The Archer closed the empty missile launching pods and struggled to its feet. More gracefully and honorably than Dan could ever have imagined, the Archer executed a bow. After long moments of stunned horror, he finally looked away from the Archer toward its foe.
Smoke seeped from the shoulders, hips, and neck of the Warhammer in black plumes that rose straight through the still desert air to the heavens. The Kurita ’Mech tried to execute a bow in return, but the motion only produced more smoke and locked the Warhammer forward, with its head bowed.
Dan shifted his sensors over to infrared and shielded his eyes against the glare of the display. In this heat, in the desert, Yorinaga burned his Warhammer up. Dan glanced at Morgan’s Archer, comparing its relatively cool maroon outline with the Warhammer’s bright white silhouette. Did Morgan expect this?
The Kell Hound commander’s voice crackled over the radio. “Forgive me for being such a coward, Yorinaga-sama. If we fought, I knew we would kill each other. I refuse to have your blood on my hands. I meant you no dishonor.”
Yorinaga’s reply, full of exhaustion yet somehow more serene now, sent a shiver down Dan’s spine. “I see now what I should have seen so long ago: there is no shame in being unable to defeat a superior adversary. I was wrong to believe that to become invincible is the apex of the Way of the Sword. To do what you have done—to win while refusing to fight—this is the ultimate. My shame is that I failed to understand this reality before.”
Chapter 51
SIAN
SIAN COMMONALITY
CAPELLAN CONFEDERATION
24 OCTOBER 3029
“Sic semper tyrannis.”
The words hung heavily in the air between Justin and the Marauder like the green smoke wafting through the shattered doorway. Justin shifted his gaze from the bore of the PPC leveled at his head to the polarized canopy over the ’Mech’s cockpit.
Andrew’s hushed voice crackled through the Marauder’s external speakers. “What the hell did you say?”
Weariness entered Justin’s voice. “I said, ‘Sic semper tyrannis.’”
The edge returned to Andrew’s voice. “The guy on your shoulder, he’s got to be our agent. How did you get the countersign out of him?”
Justin shook his head. “You’re right. He is one of ours.” He stared at the Marauder’s dark cockpit. “You know me, Andy. If I’d wanted to fool you, I wouldn’t have brought him along. Sic semper tyrannis—I want to go home.”
“Jesus, Mary, and Joseph! It is you! You’re it!” Andrew’s voice echoed with joyous surprise and relief. “Thank God I didn’t pull the trigger on you without wanting to rub your face in it first. Damn…”

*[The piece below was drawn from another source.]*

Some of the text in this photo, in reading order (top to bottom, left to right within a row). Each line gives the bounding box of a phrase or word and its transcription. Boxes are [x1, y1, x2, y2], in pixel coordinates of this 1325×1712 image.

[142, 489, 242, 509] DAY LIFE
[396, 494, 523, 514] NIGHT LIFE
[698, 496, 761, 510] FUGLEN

Justin laughed. “I’m glad it was you that found me. Anyone else and I’d be ion vapor right now.” He motioned for Andrew to squat his ’Mech back down again. “This guy really is one of ours, and we’re going to get him out, too. Crack your hatch and pull him aboard.”

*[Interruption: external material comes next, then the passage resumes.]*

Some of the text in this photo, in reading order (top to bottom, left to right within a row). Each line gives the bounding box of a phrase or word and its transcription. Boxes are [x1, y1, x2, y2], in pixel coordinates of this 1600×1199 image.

Andrew lowered the Marauder and opened the hatch in the top of the torso. He stepped down on the ’Mech’s right arm and got his hands under Malenkov’s armpits. With Justin’s help, he pulled Alexi into the Marauder and strapped him into a jump seat behind the command couch.

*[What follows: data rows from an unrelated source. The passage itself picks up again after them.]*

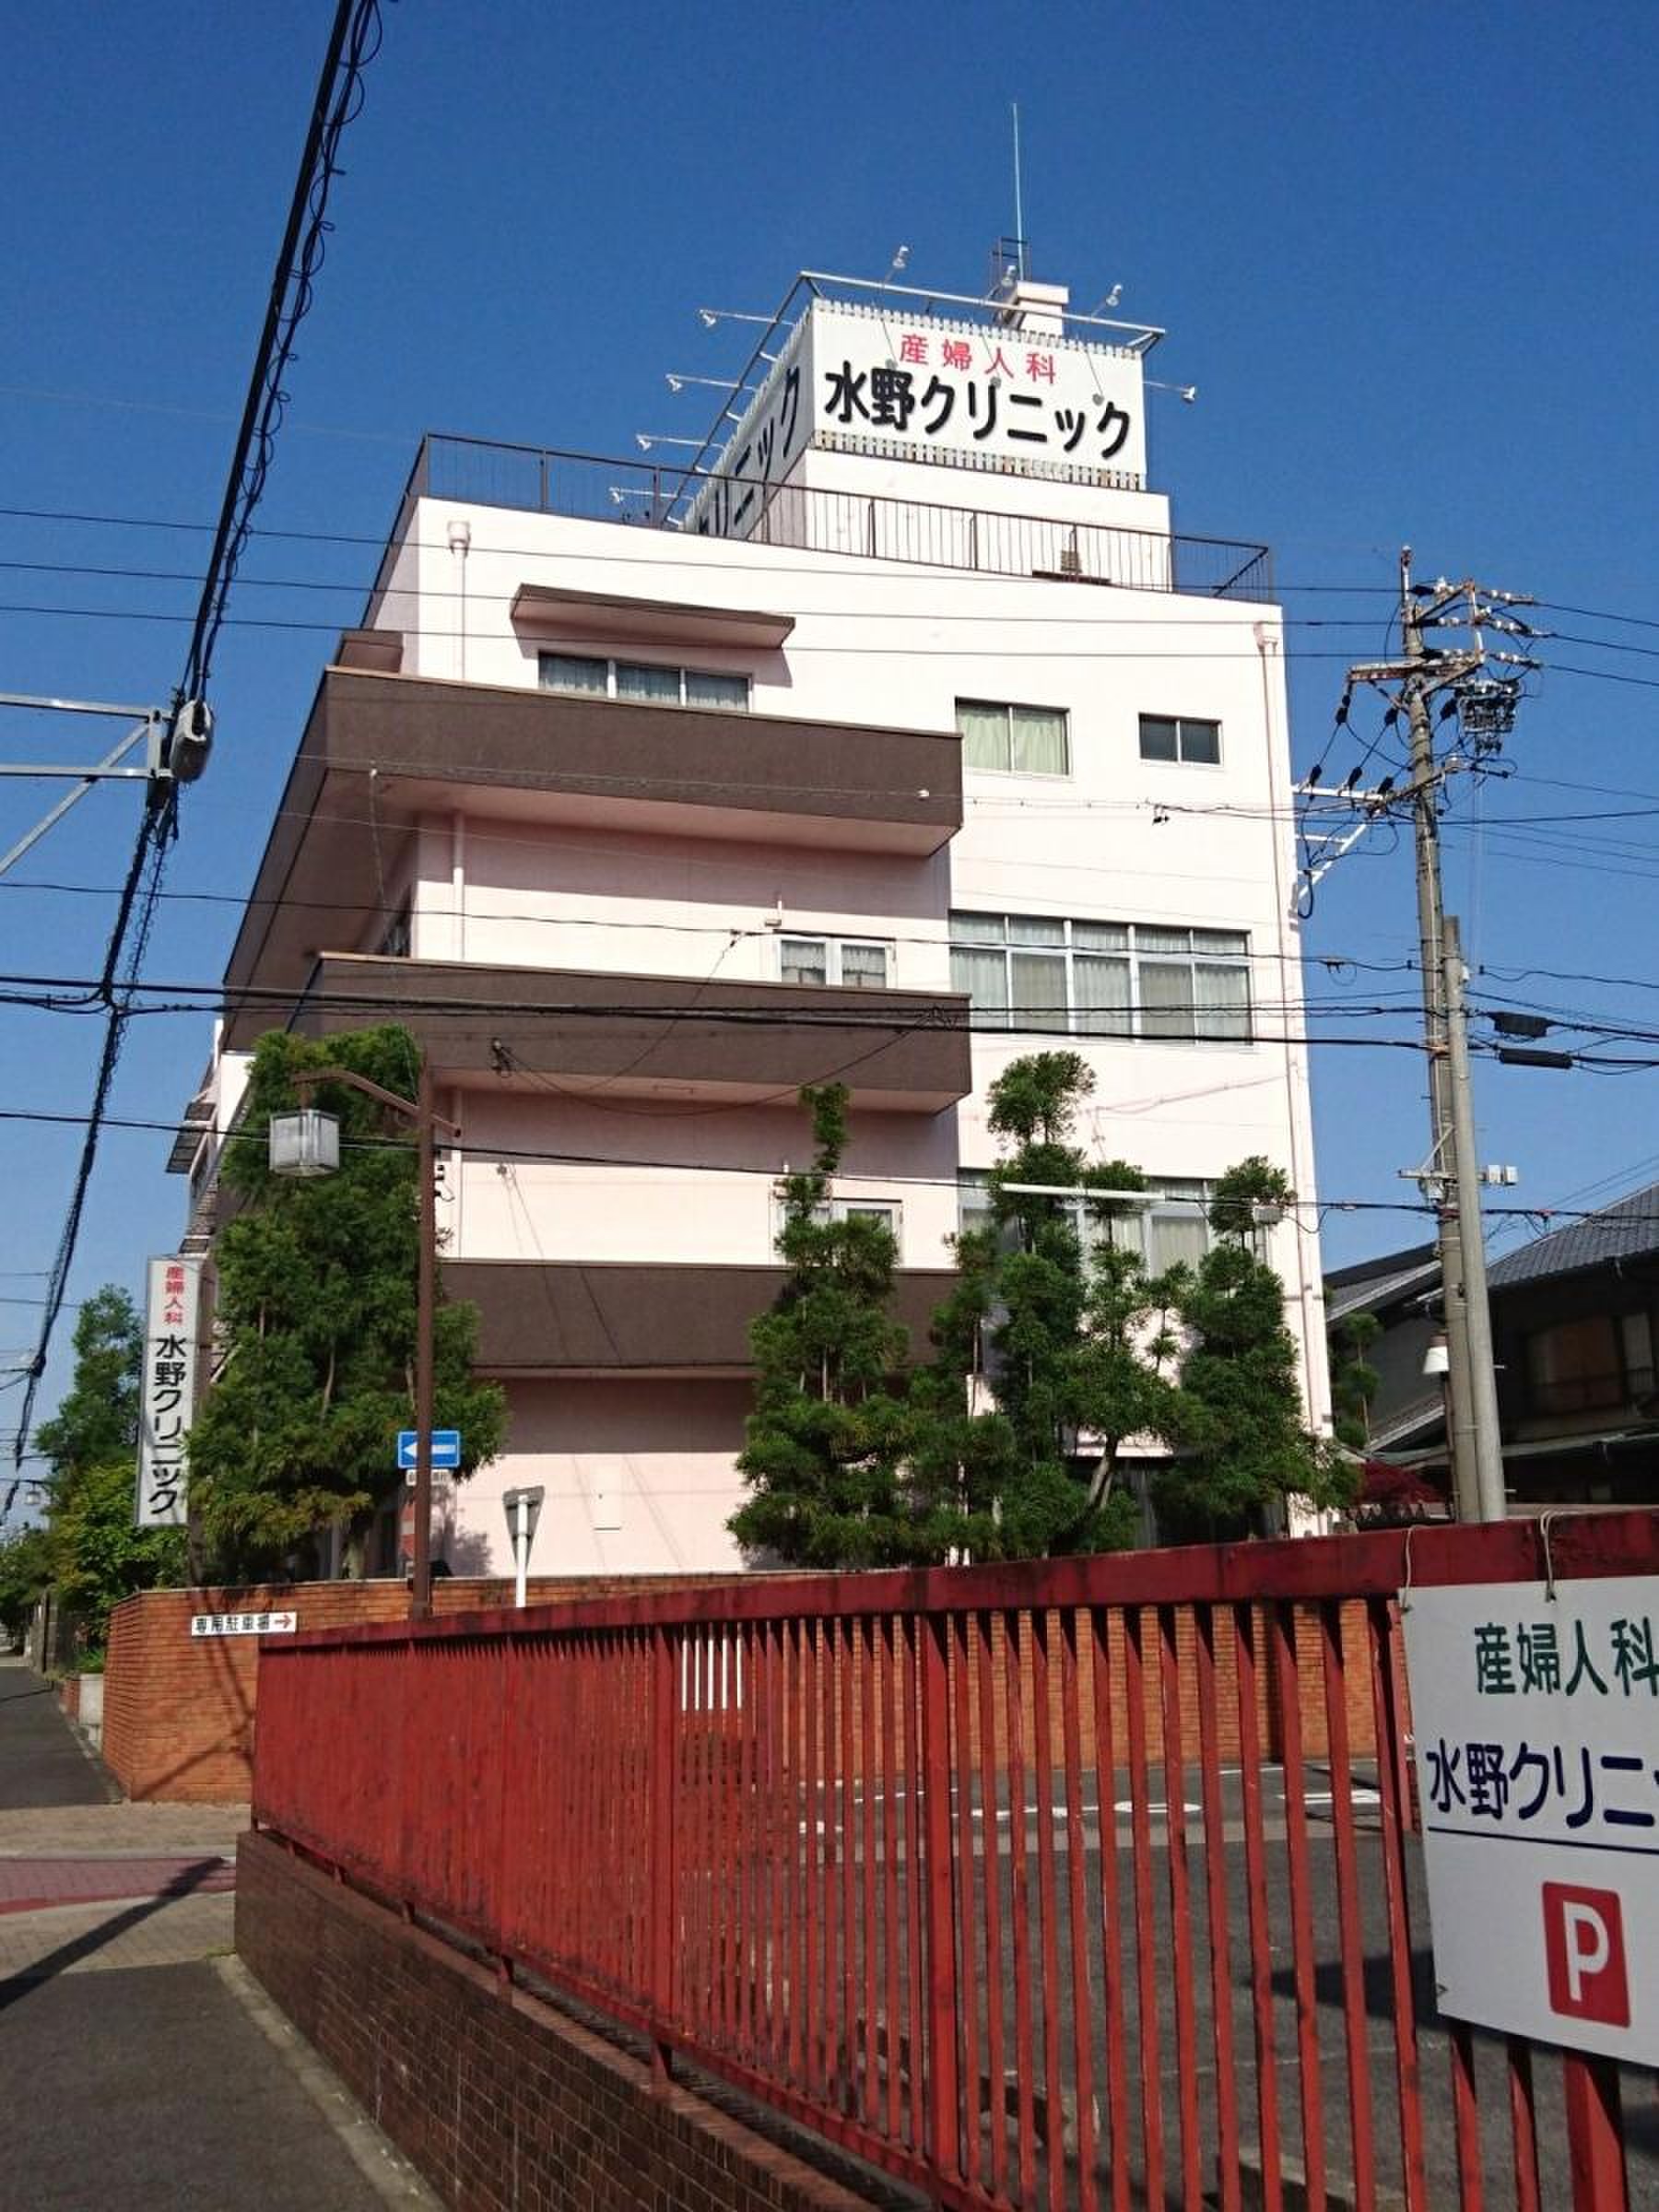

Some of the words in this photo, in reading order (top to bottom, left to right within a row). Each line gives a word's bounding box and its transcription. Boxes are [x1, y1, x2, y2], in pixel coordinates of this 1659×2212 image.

[899, 333, 1057, 385] 産婦人科
[825, 360, 1131, 459] 水野クリニック
[164, 1265, 185, 1326] 産婦人科
[148, 1333, 187, 1514] 水野クリニック
[1475, 1617, 1659, 1697] 産婦人科
[1427, 1738, 1659, 1829] 水野クリニ
[1563, 1900, 1609, 2002] P

Andrew handed Justin a canvas satchel. “Everybody got one of these. We were told to give it to our agent.”
Justin smiled and slung it over his shoulder. “Yeah. It’s got some things I can use if I have the time.” He popped his head out of the hatch and looked around for Liao infantry. “Looks safe enough for now. Spread the word. Let them know I’ll be coming out in Yen-Lo-Wang.”
Redburn glanced at his chronometer. “You’ve got ten minutes. We’ve been down for twenty. Our window is closing.”
Justin winked at him. “Got it.” The slender MechWarrior hoisted himself out of the Marauder, then looked back in. He extended his hand to Redburn, who shook it heartily. “Take good care of Alexi there. He saved my life, just like you did once. I owe him.”
Redburn nodded solemnly. “Then I’m in his debt too, for saving a friend of mine. Good luck.”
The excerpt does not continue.